Fatima est triste, tourmentée, renfermée, ses sœurs forment un front de solidarité, elles s’entendent bien toutes les deux, s’empiffrent de crêpes au chocolat que la maman fait, Fatima ne parle pas beaucoup à part des phrases courtes. Elle joue au foot, toute seule dit-elle.
Elle fume en cachette, c’est son degré transgression. Dès qu’elle a une émotion forte, elle sort son appareil à Ventoline.

Le père, quasiment absent, est allongé sur le canapé tout le temps, fatigué, malade, on ne sait pas, il sourit en voyant Fatima.
Dans son groupe de copains, certains racontent des ébats imaginaires en termes de pratique amoureuse, ils rejettent tout ce qui n’est pas   « normal », habituel, un homme une femme point final.

Fatima n’aime pas les garçons, elle se bat avec eux en général, elle se cherche, elle ne sait pas ce qu’elle veut jusqu‘au moment où elle s’inscrit sur un site de rencontres, se fait passer pour une égyptienne, elle va rencontrer toutes sortes de personnes cela ne donnera rien de bon pour elle.

A la Faculté, elle suit un cursus de Philosophie, découvre la théorie de la domination qui lui ouvre les yeux et l’esprit. Dans l’amphi le professeur évoque l’amitié entre Montaigne et de la Boétie. Elle va à des raves party où tout est permis y compris un langage assez sans fard.

Une réalisatrice dans la cour des grandes

La réalisatrice a fait un excellent film pour aborder un sujet difficile : la question de l’amour des jeunes maghrébines. Elle est d’une douceur extraordinaire, effleure sans cesse le visage de Fatima avec sa caméra, va jusqu‘au ras de ses cils pour cueillir la naissance d’une larme, le désarroi de Fatima, tellement photogénique, tout le monde lui dit qu’elle est belle, d’une beauté nature, brute, sans fard ni manière, aux yeux de faon, d’une simplicité à couper le souffle. La réalisatrice use de fondu-enchainé pour passer à autre chose.

Une scène est prodigieuse, celle de la jeune femme sur le lit, nue de dos, c’est la grande Odalisque du peintre Ingres de 1814, tandis que Fatima debout regardant à la fenêtre comme une ombre, tout de noir vêtu, c’est d’une puissante extraordinaire.
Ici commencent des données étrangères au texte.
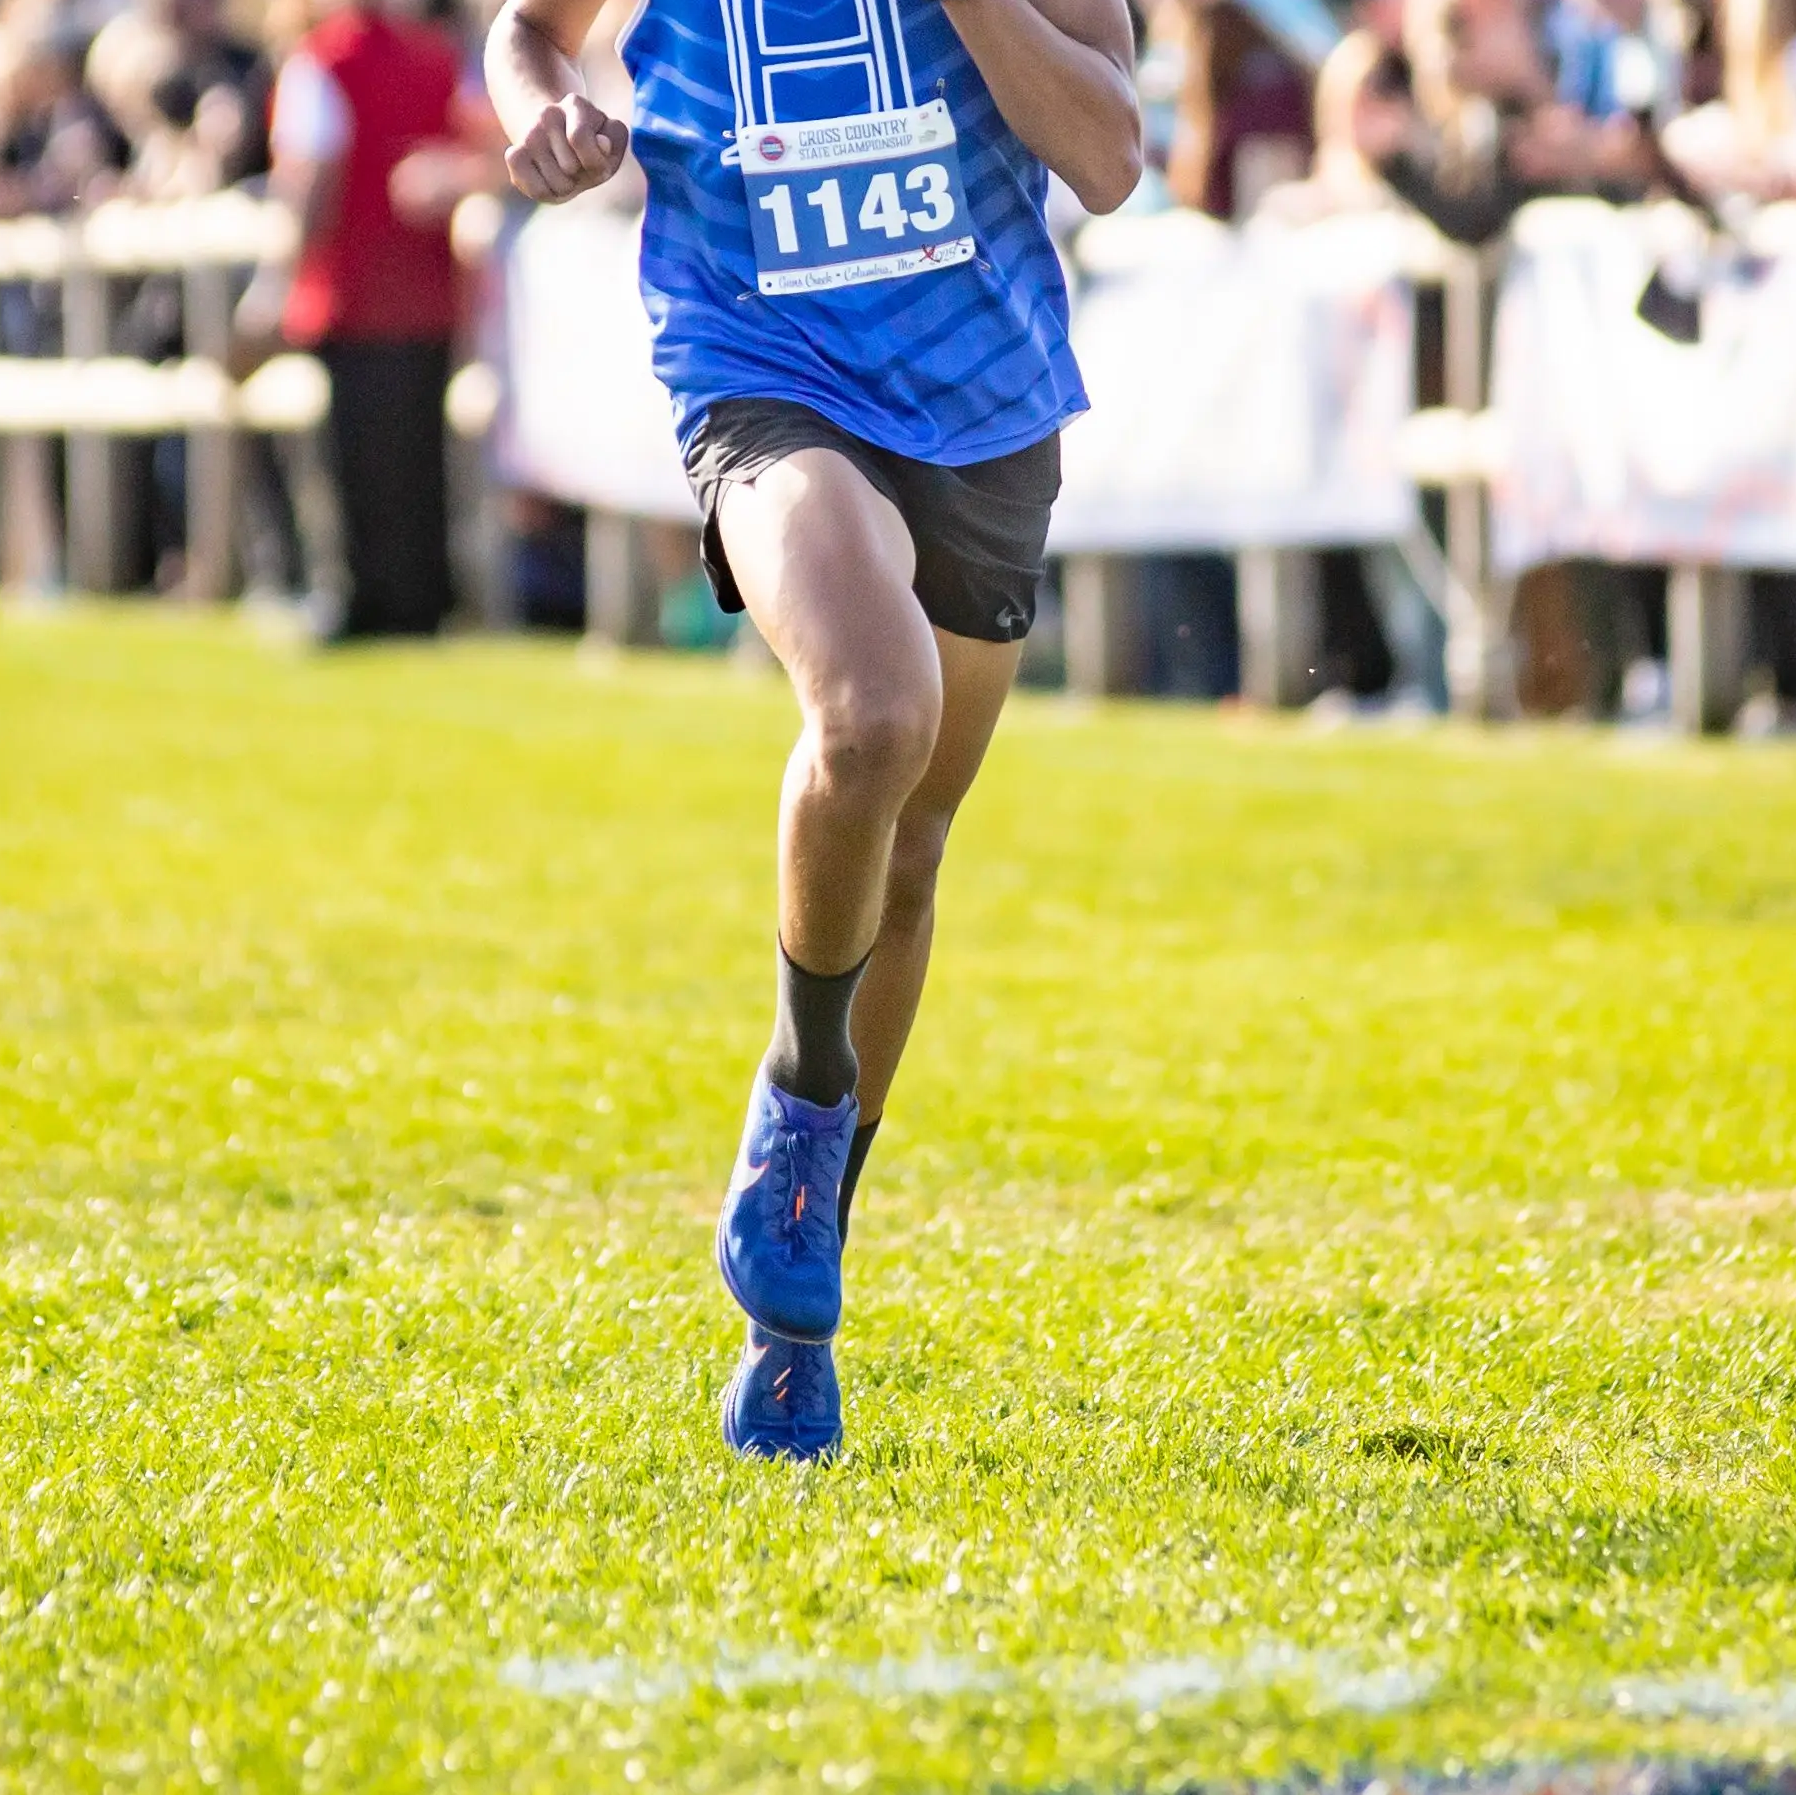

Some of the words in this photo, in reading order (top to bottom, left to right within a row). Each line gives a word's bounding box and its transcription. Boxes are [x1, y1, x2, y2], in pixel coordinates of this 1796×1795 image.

[798, 128, 841, 146] CROSS
[845, 118, 907, 140] COUNTRY
[798, 145, 830, 160] STATE
[833, 134, 913, 156] CHAMPIONSHIP
[759, 163, 954, 253] 1143
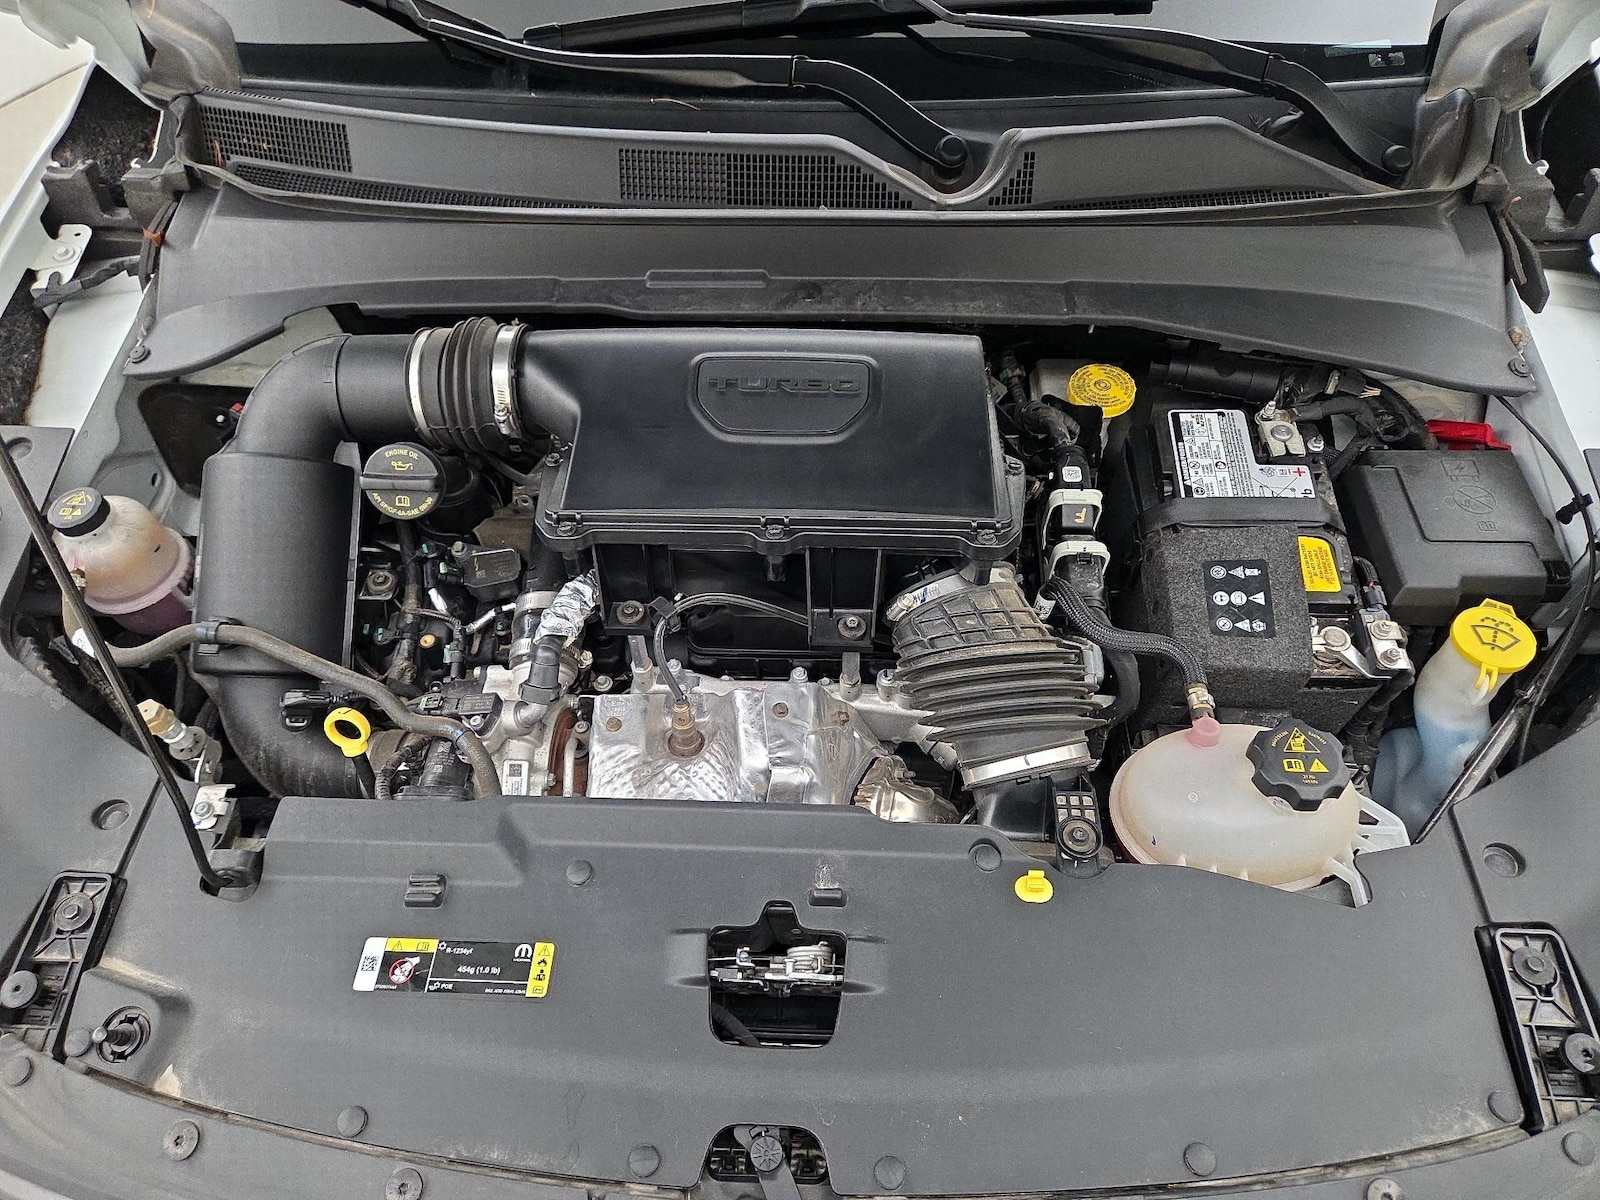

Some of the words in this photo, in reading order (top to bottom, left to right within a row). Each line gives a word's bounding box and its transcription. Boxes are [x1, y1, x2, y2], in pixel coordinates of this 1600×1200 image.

[706, 376, 863, 395] TURBO
[384, 448, 409, 458] ENGINE
[408, 450, 419, 460] OIL
[372, 492, 382, 503] API
[445, 947, 474, 955] R-1234yf
[457, 965, 475, 975] 454g
[475, 965, 490, 975] (1.0
[490, 966, 501, 976] lb)
Fatima poursuit son bonhomme de chemin entre solitude et recherche.
Elle rencontre une jeune femme, coréenne, au début tout se passe bien jusqu’à ce qu’elle tombe malade.
Elles se séparent. Encore une fois, Fatima se cherche, va à la fac, fait des rencontres, vivote…Elle participe à la marche des fiertés, s’amuse, chante, crie des slogans, elle se défoule enfin.

Un jour, tourmentée par sa quête d’exister, elle se rend à la mosquée pour demander une audience à un imam ; elle se fait passer pour une amie à elle, qui n’ose pas venir, elle se trahit en pleurant lorsque l’imam lui dit en douceur qu’il faut qu’elle retrouve sa féminité pour qu’elle attire les hommes et l’incite à prier davantage.
Elle continue à prier de plus belle. Au gré des saisons, elle essaie de vivre conformément à son être le plus intime.

Un film inoubliable

C’est un très beau film, émouvant, juste, efficace, pudique, une grande liberté est donnée à l’actrice principale qui s’est emparée de ce rôle magistralement. Une vocation est née.

Le final est très beau : Fatima se retrouve en tête à tête; pour une fois, avec sa mère, une femme chaleureuse, attentive et intelligente. La maman a fait des madeleines, elles sont encore toutes chaudes, c’est l’anniversaire de Fatima, sa maman lui offre un maillot de Foot estampillé numéro 10 avec son prénom.
Elle essaie de parler à sa mère, elle n’y arrive pas, c’est trop difficile, elle pleure à grosses larmes, elle ne peut pas….
Sa mère comprend sans savoir vraiment, elle ressent sa fille, lui dit en lui caressant la tête qu’elle l’aimera toujours et c’est cela qui est très bouleversant. Elles pleurent toutes les deux.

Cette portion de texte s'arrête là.